Preface: signing keys

Most repositories digitally sign their packages and lists using such a key. For the official repos, the keys are installed together with the base system. If you manually add a repository either directly by adding it to your /etc/apt/sources.lst or /etc/apt/sources.list.d, then you need to add that repository's key manually:

apt-key adv --recv-keys --keyserver keyserver.ubuntu.com ID

or apt-key add FILEin case you downloaded the key separately.

I'm not 100% sure, but IMHO when using the software center or add-apt-repository, the key is installed automatically.

Ubuntu users that never added a repository (PPA) to their system should have all necessary keys.

Users that actually use repositories without having imported a signing key see a warning along the lines below when installing from those repos:

You are about to install software that can't be authenticated! Doing this could allow a malicious individual to damage or take control of your system.

CVE-2014-0487

If a hash in the Release file changes, but the file being referred to by the Release file gets served with a 304 response (http status code 304), apt ignored the updated file and continued to use the old version of the file, even though the old version of the file didn't match the new hash.
Source

If an attacker somehow had managed to make you download a malicious package, said attacker could make your system use the old, malicious, files that had already been downloaded, instead of a more recent file available from the repo.

If you never used repositories without having a valid signing key for the repo, you're probably not affected.

CVE-2014-0488

It was discovered that APT did not properly invalidate unauthenticated data. Imagine that you use an unauthenticated repo. You download / install / ... packages from that repo and only later add a signing key for that repo.

All the data that's already been downloaded is just kept. It is theoretically possible, that you have downloaded forged data, because at the time you were unable to verify that (due to the lack of a signing key). Now apt would be able to verify the downloaded data, but it didn't. (Instead it could also just throw away everything downloaded from that repo and download new, this time - with a signing key present - it could verify the downloads).

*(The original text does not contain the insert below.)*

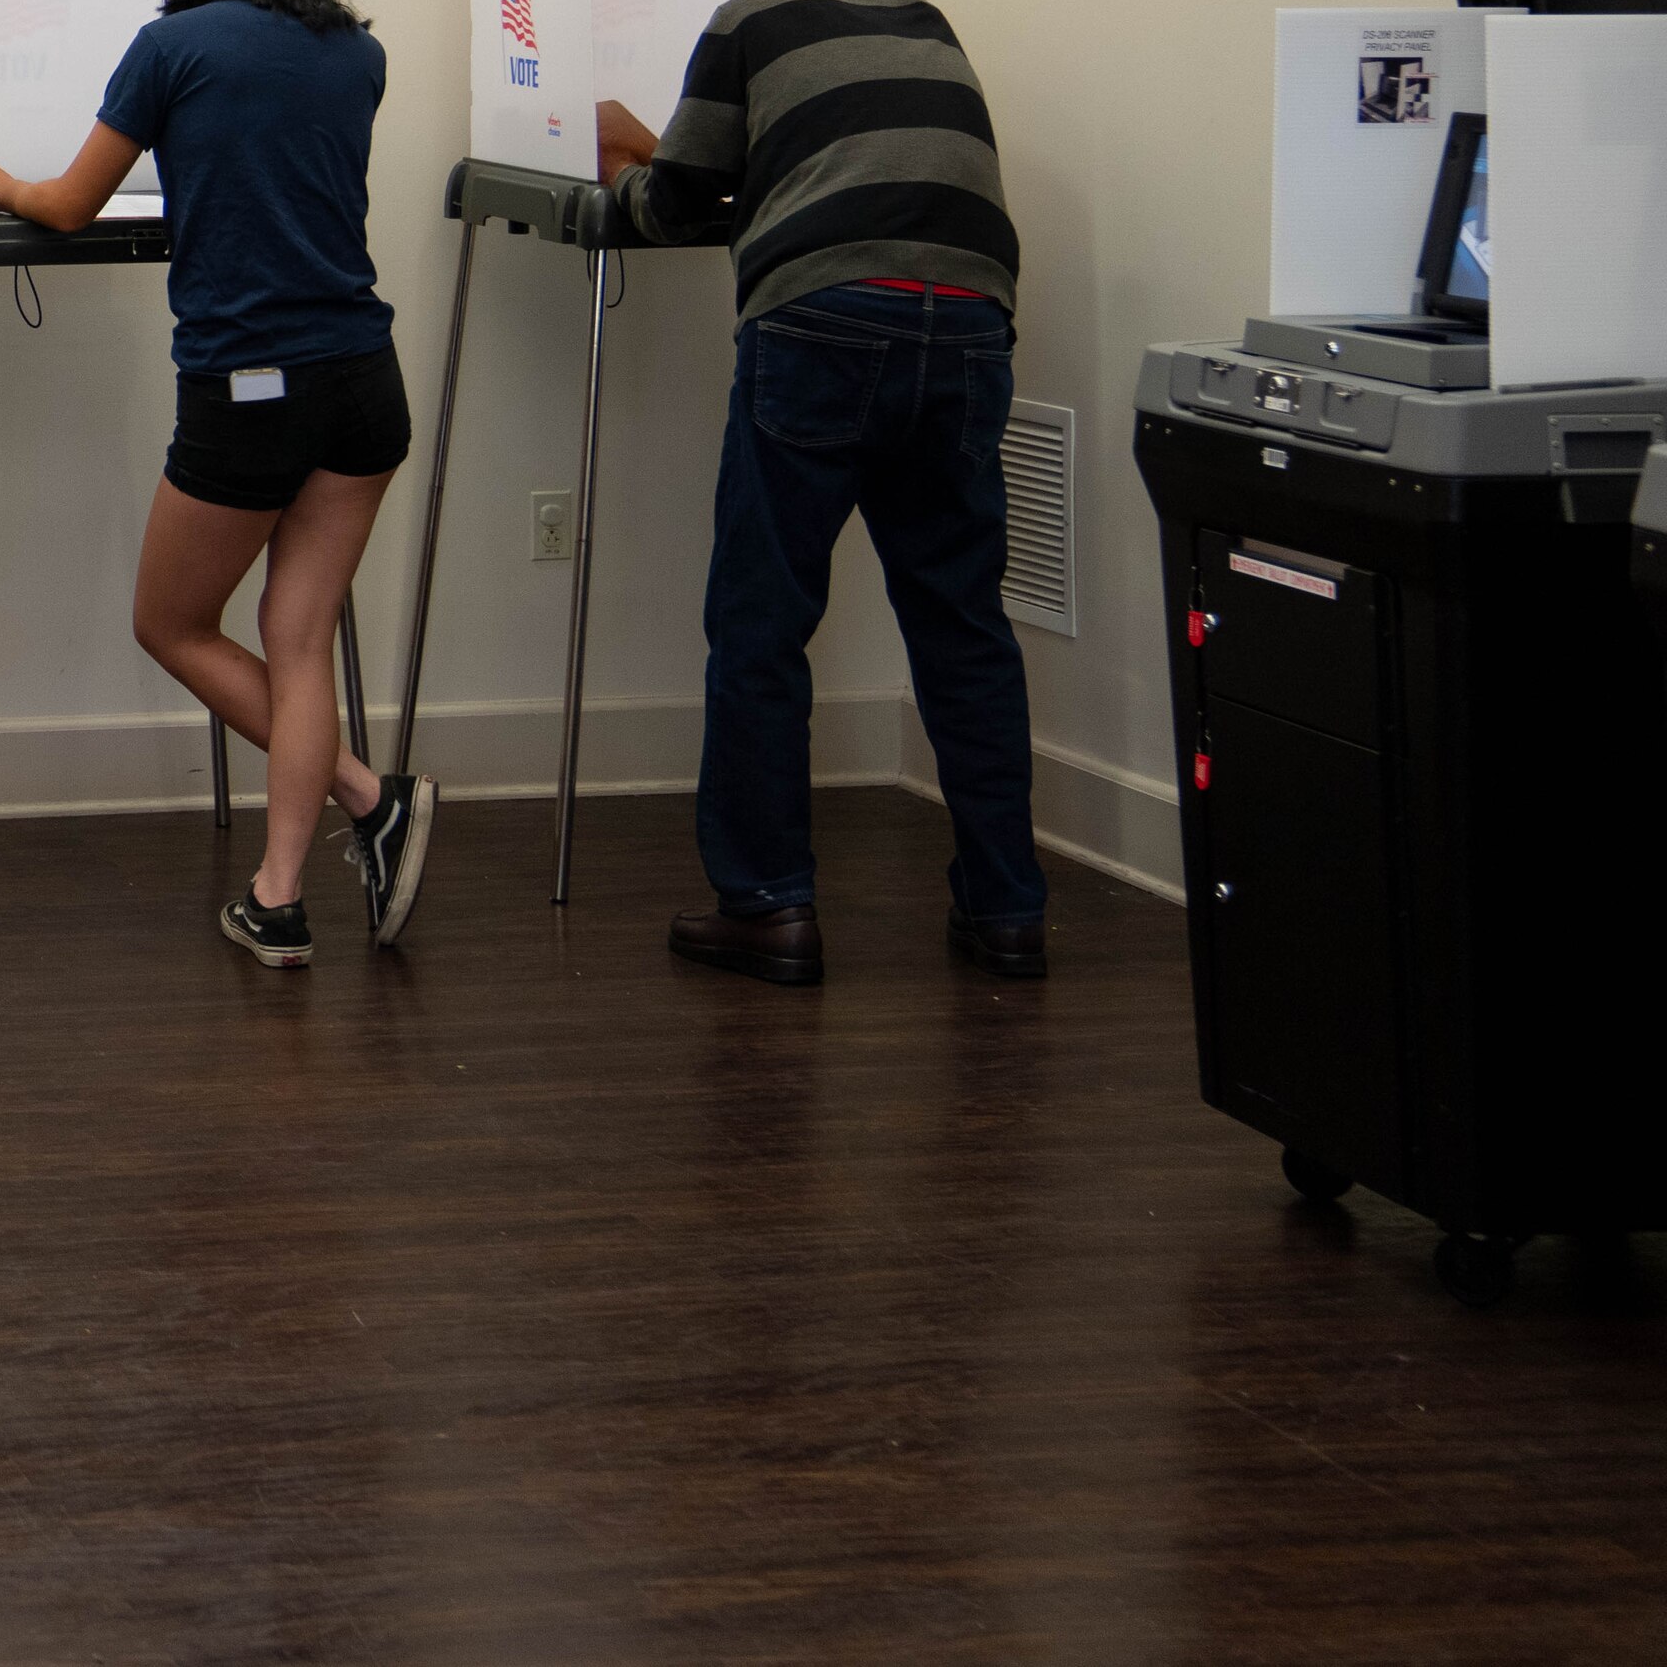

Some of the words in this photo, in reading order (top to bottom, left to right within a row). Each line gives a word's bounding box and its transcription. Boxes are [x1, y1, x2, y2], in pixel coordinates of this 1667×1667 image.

If you never used repositories without having a valid signing key for the repo, you're probably not affected.

CVE-2014-0489

There's an option called Acquire::GzipIndexesin apt. This option disabled by default. Here's what the manpage says about it:

   GzipIndexes
       When downloading gzip compressed indexes (Packages, Sources, or
       Translations), keep them gzip compressed locally instead of
       unpacking them. 

The issue was, that if you had set this to yes, then the checksum check was not performed, leading to potentially forged packages being downloaded / installed / ...

Personal note: I could not find if Acquire::CompressionTypes::Order:: "gz"; also skipped the checksum check.

If you never set Acquire::GzipIndexes in your apt.conf, you're probably not affected by this issue.

CVE-2014-0490

You can use apt-get download to download packages. If you do so and do not have the repository signing key, then you download packages which you can't verify the integrity of (because you lack the key). In this case, apt should have warned you that you're doing something potentially unsafe, so you can think twice about installing these packages.
The issue is: apt didn't notice the user. If you never used apt-get download, you're probably not affected by this issue.

Patches

Click here to see the relevant patchset for Debian.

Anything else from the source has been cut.